→ **Supplied records**
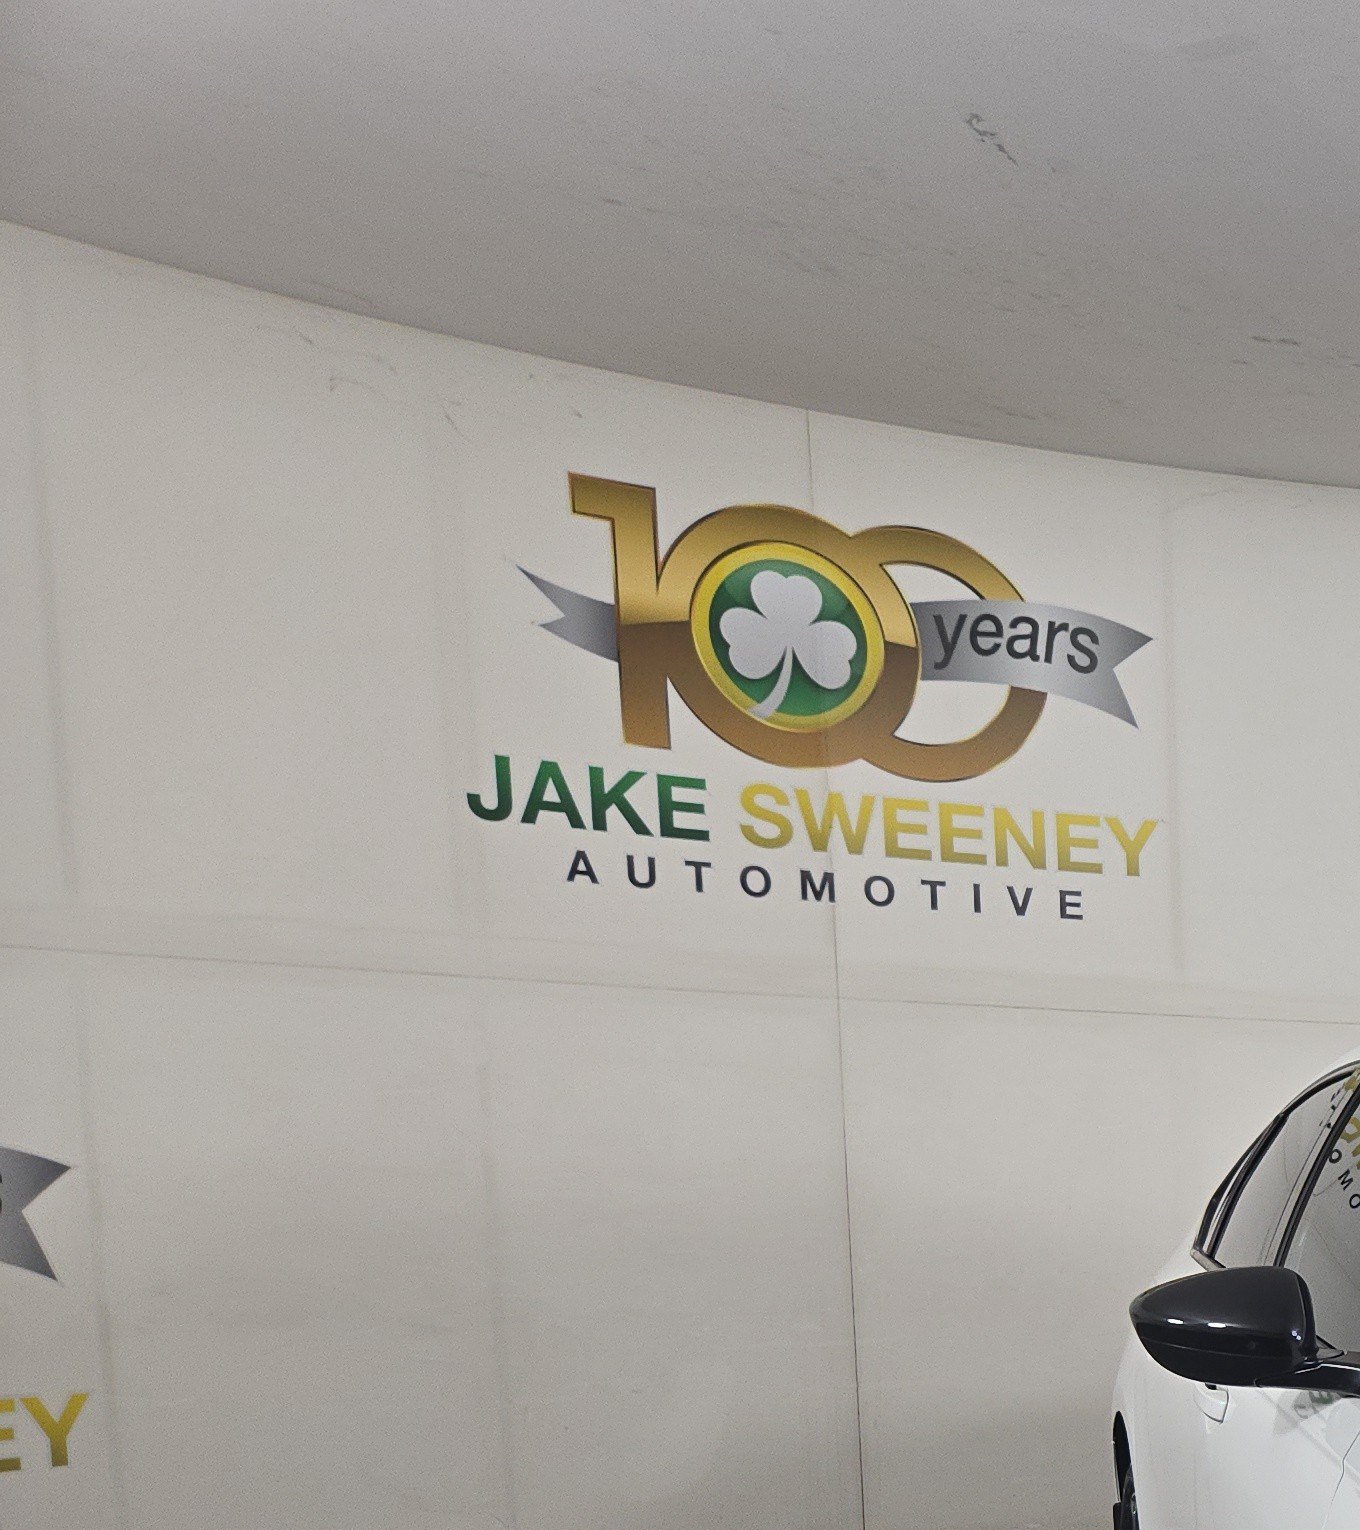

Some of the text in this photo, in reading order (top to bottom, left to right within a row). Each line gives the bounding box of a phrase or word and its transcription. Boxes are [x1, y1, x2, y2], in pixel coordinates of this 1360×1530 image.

[933, 610, 1101, 674] years
[466, 755, 1158, 877] JAKE SWEENEY
[566, 850, 1084, 921] AUTOMOTIVE
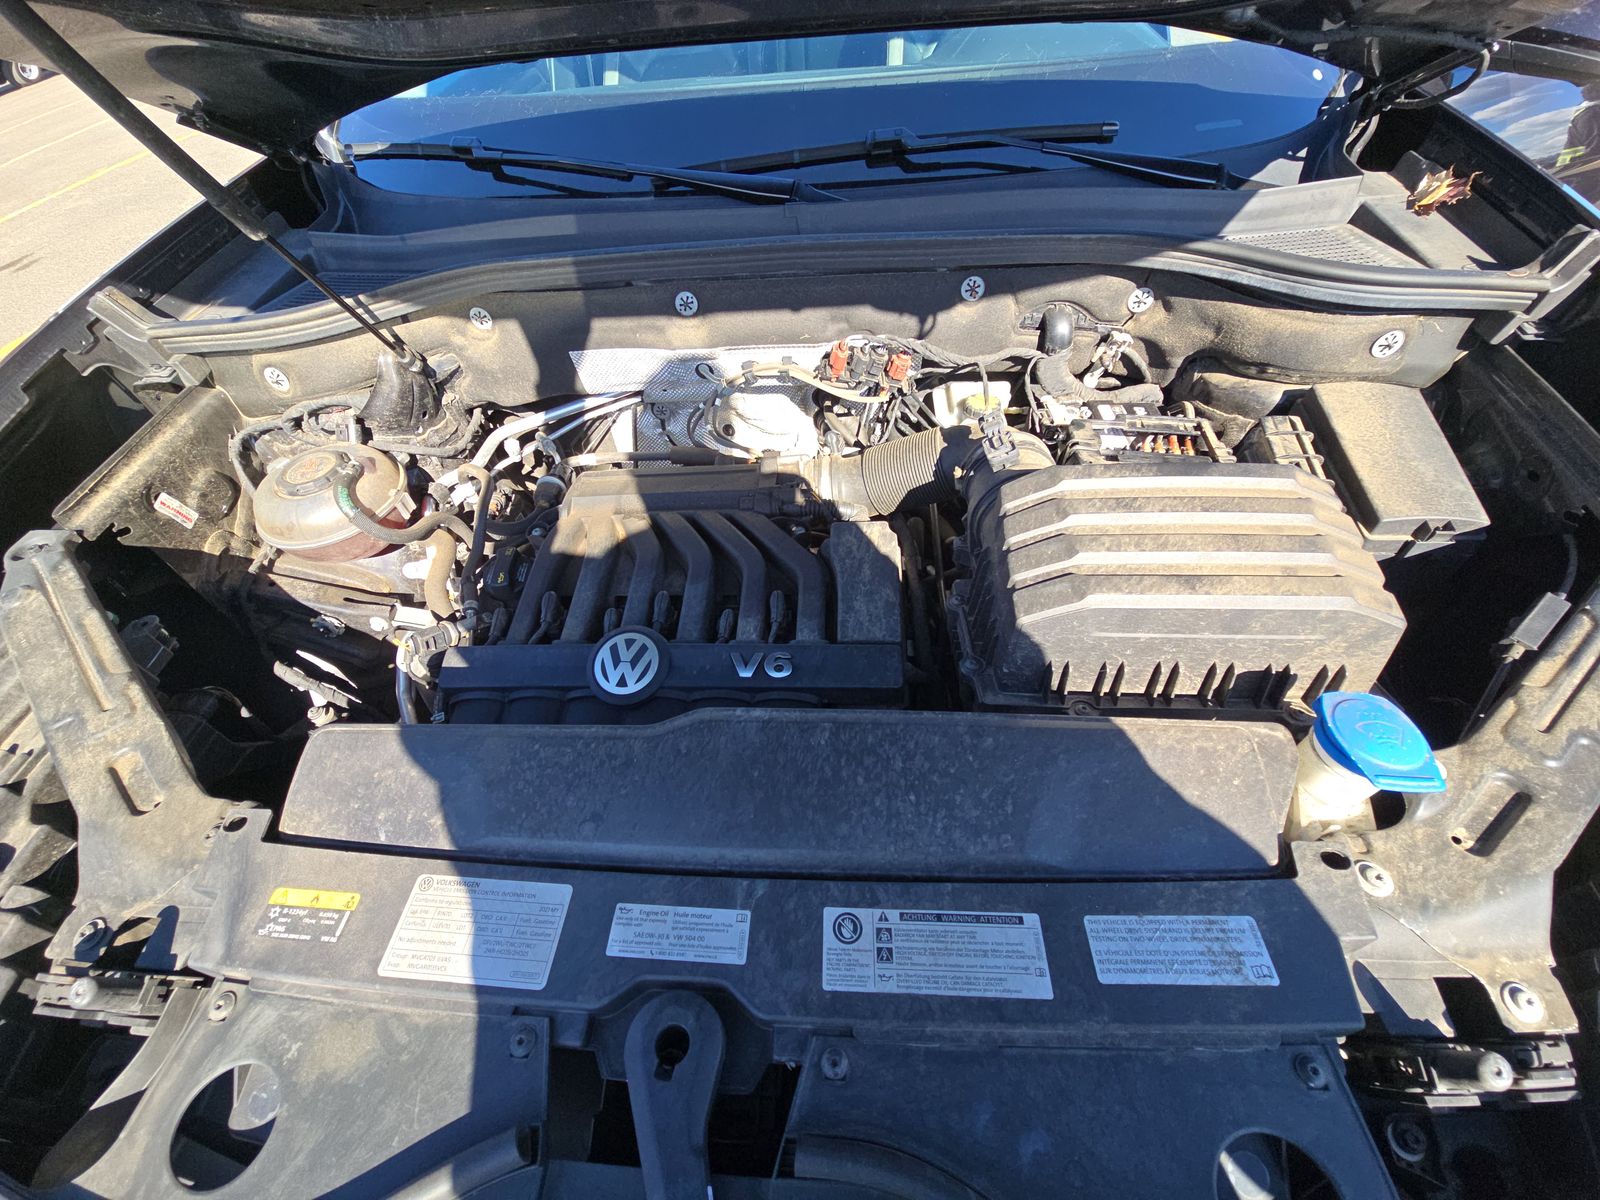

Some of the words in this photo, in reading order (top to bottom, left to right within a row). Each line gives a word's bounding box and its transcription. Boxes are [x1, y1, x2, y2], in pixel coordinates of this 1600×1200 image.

[730, 652, 793, 678] V6
[436, 880, 481, 888] VOLKSWAGEN
[501, 891, 536, 899] INFORMATION
[639, 909, 659, 918] Engine
[941, 914, 977, 922] WARNING

→ **Task details**
Quote exactly and only the lines from the one holding "Some of the words" through the end of the data.

→ **Result**
Some of the words in this photo, in reading order (top to bottom, left to right within a row). Each line gives a word's bounding box and its transcription. Boxes are [x1, y1, x2, y2], in pixel coordinates of this 1600×1200 image.

[730, 652, 793, 678] V6
[436, 880, 481, 888] VOLKSWAGEN
[501, 891, 536, 899] INFORMATION
[639, 909, 659, 918] Engine
[941, 914, 977, 922] WARNING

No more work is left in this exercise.